(ASSIGNED TASK)
Before you return the entries below, strip out the pictures and keep all else exact.

(MATERIAL SHOWN)
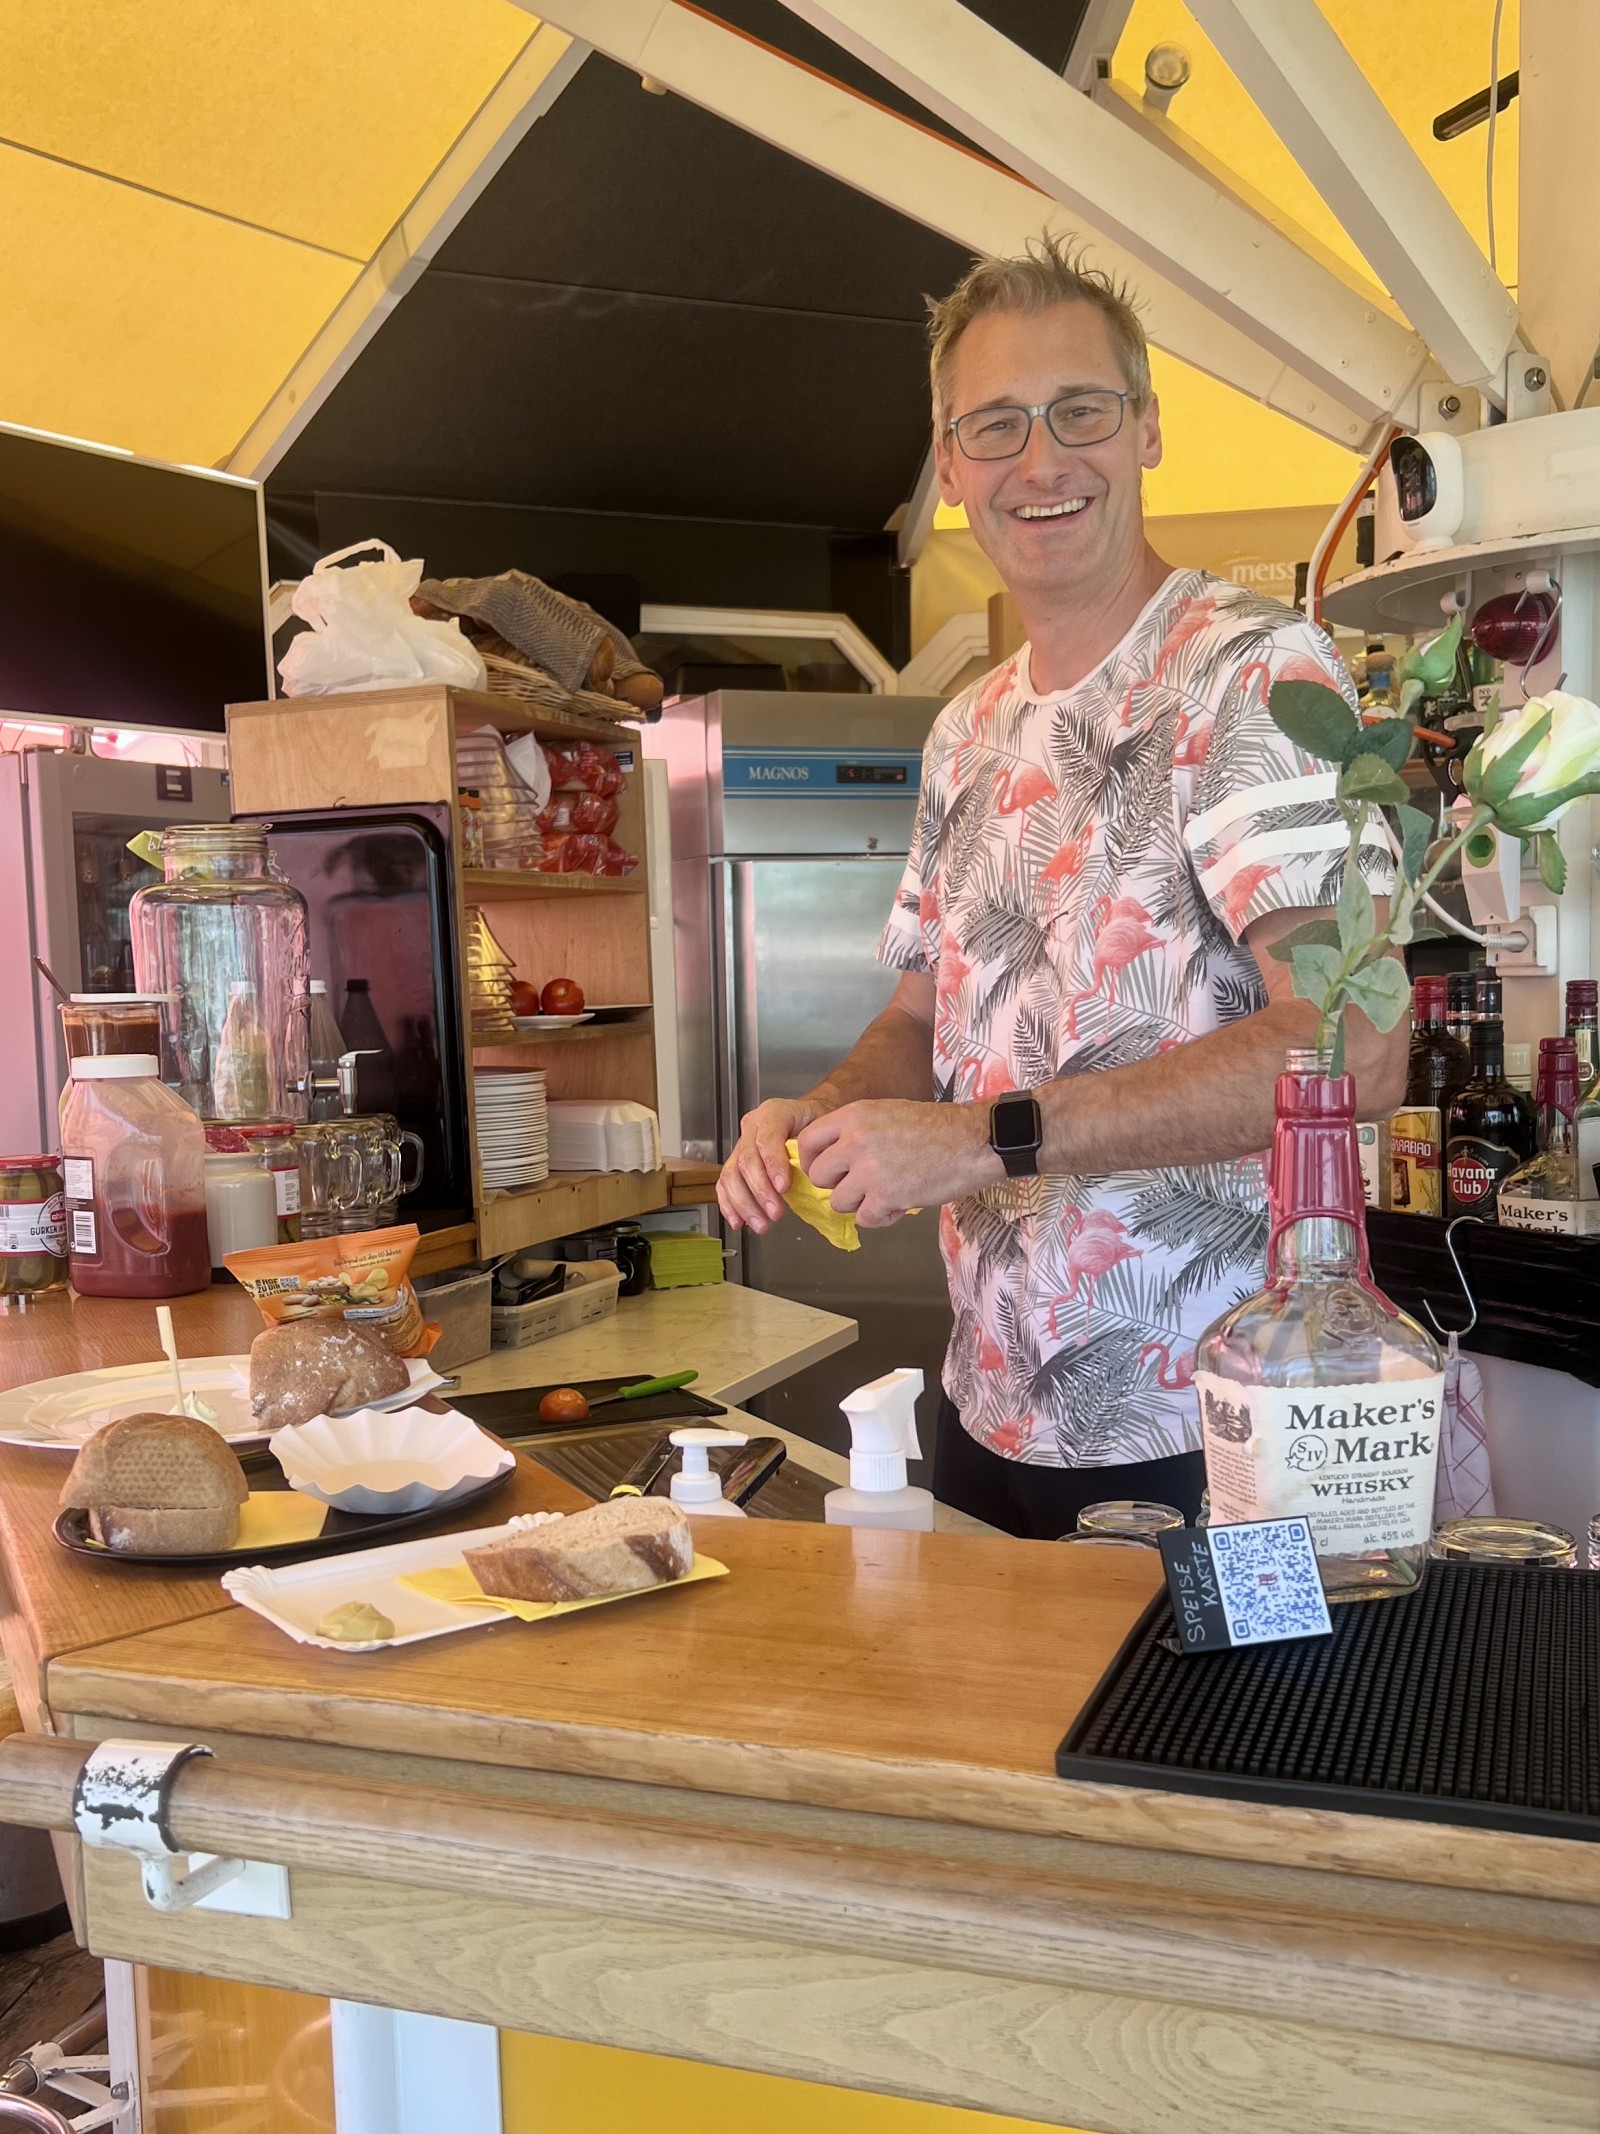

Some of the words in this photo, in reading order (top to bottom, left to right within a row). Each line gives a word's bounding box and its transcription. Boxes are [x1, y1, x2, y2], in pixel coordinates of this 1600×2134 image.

[1231, 561, 1296, 583] meiss
[749, 767, 809, 780] MAGNOS
[1448, 1163, 1496, 1180] Havana
[1453, 1180, 1482, 1195] Club
[1500, 1204, 1569, 1222] Maker's
[30, 1225, 57, 1236] GURKEN
[1285, 1398, 1436, 1430] Maker's
[1332, 1431, 1433, 1465] Mark
[1311, 1475, 1415, 1497] WHISKY
[1320, 1537, 1329, 1547] cl
[1363, 1533, 1379, 1544] alc.
[1381, 1530, 1399, 1542] 45%
[1191, 1541, 1219, 1607] KARTE
[1173, 1561, 1206, 1643] SPEISE

(RESULT OF THIS EXERCISE)
Some of the words in this photo, in reading order (top to bottom, left to right within a row). Each line gives a word's bounding box and its transcription. Boxes are [x1, y1, x2, y2], in pixel coordinates of this 1600×2134 image.

[1231, 561, 1296, 583] meiss
[749, 767, 809, 780] MAGNOS
[1448, 1163, 1496, 1180] Havana
[1453, 1180, 1482, 1195] Club
[1500, 1204, 1569, 1222] Maker's
[30, 1225, 57, 1236] GURKEN
[1285, 1398, 1436, 1430] Maker's
[1332, 1431, 1433, 1465] Mark
[1311, 1475, 1415, 1497] WHISKY
[1320, 1537, 1329, 1547] cl
[1363, 1533, 1379, 1544] alc.
[1381, 1530, 1399, 1542] 45%
[1191, 1541, 1219, 1607] KARTE
[1173, 1561, 1206, 1643] SPEISE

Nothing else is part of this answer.